On the minimum value -2, then the function is formulated, and whether the symmetry axis is in the interval is discussed, so that we can know where the function obtains the minimum value and solve the corresponding value of a

Solution: ......

…1 point. 1) When.

That is<> function <>

In the intervals.

On is the increment function, at this time, <

The minimum value of is <>

If it doesn't match the topic, give up the .......4 points.

2) When.

That is<> function function <>

In the intervals.

on is the subtractive function, <

The minimum value of is <>

A=

This is not the same as <>

Contradiction; If it doesn't match the topic, give up the .......7 points.

That is, when <>, <>

The minimum value of is <>

2.A="-2,"In line with the topic. 10 points.

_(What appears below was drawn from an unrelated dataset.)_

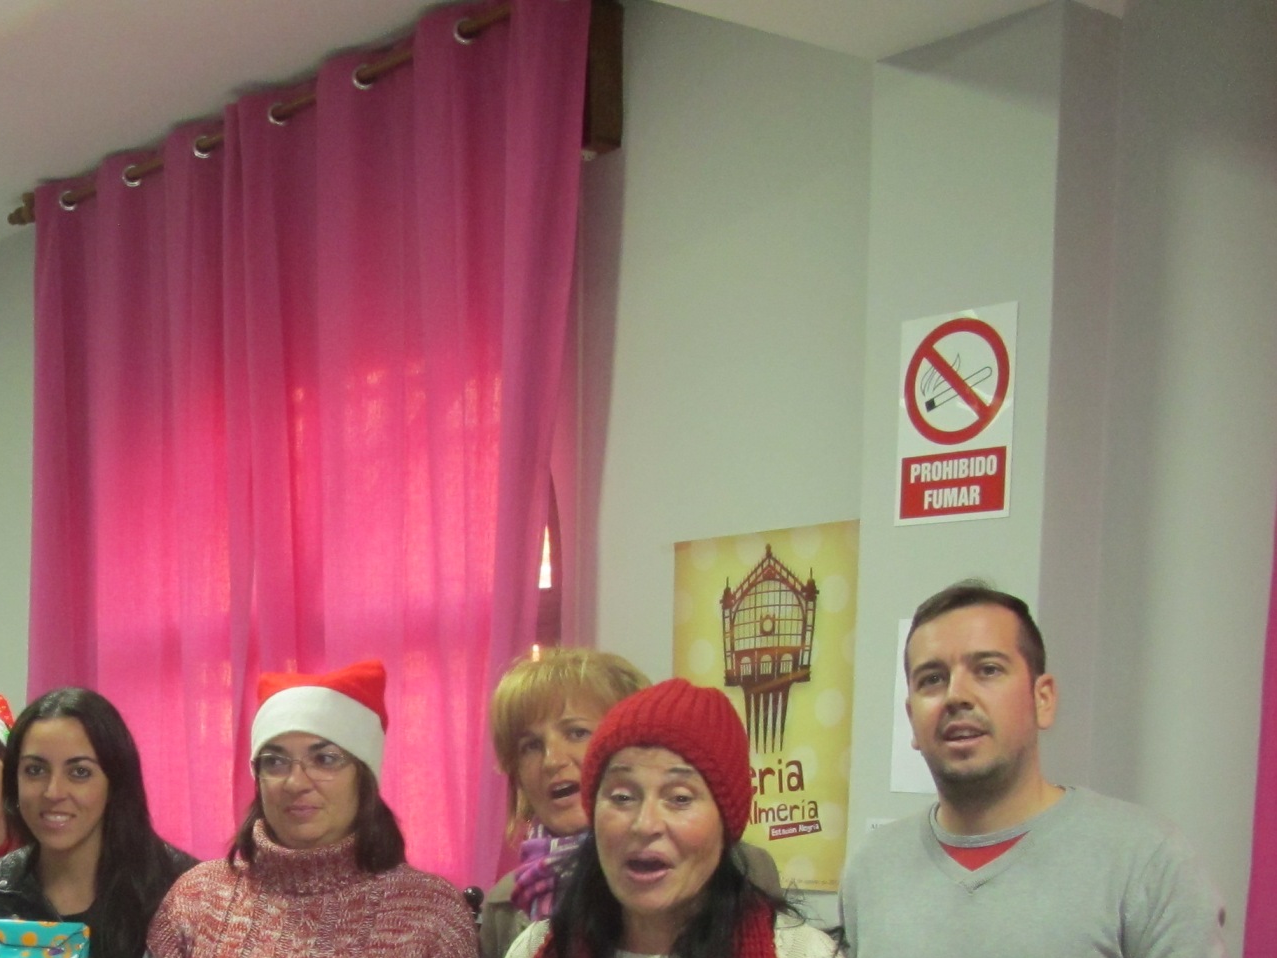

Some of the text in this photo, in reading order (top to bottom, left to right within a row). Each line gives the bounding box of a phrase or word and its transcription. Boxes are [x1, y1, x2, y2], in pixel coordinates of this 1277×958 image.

[910, 455, 997, 484] PROHIBIDO
[924, 485, 980, 510] FUMAR
[749, 759, 805, 795] eria

And not our hot dogs are too hot.

Solution: (1) Function <>

The definition domain is (1,+<

When a=1, <>

So <>

In <> is a subtraction function. In <>

is an increment function, so the function <>

The minimum value of is <>

If it is <>, it will be <>

0 in (1,<>

Constant was established, so <>

(1,<>

If <> should be <>

When <>, <>

So a>0 <>

The reduction interval is (<>

The increase interval is <>

, known by ( ) <>

In (1,+<

The minimum value of is <>

Order <> at 1,+<

On the monotonic decreasing, so <>

then <> therefore there is a real <>

Make the minimum value of the <> greater than <>

Therefore, there is a real number <>

Make y=<>

The image is <> with y=

There are no public spots. Outline.

Solution: ( Because <>, x >0, then <>, when <>

time, <>

When <>

time, <>

So <>

monotonically increasing on (0,1); In <>

on monotonically decreasing, so the function <>

Maximums are achieved at <>

Because the function <>

In the intervals.

<> of them

There are extremums on it, so <>

The solution is <>

Inequality <>

That is, <>

Remember<> so <>

If the order is <>, it will be <>

Monotonously increasing on the <>, >, thus <>, so <>

It's also monotonically increasing on <>, so it's <>, so it's <> omitted.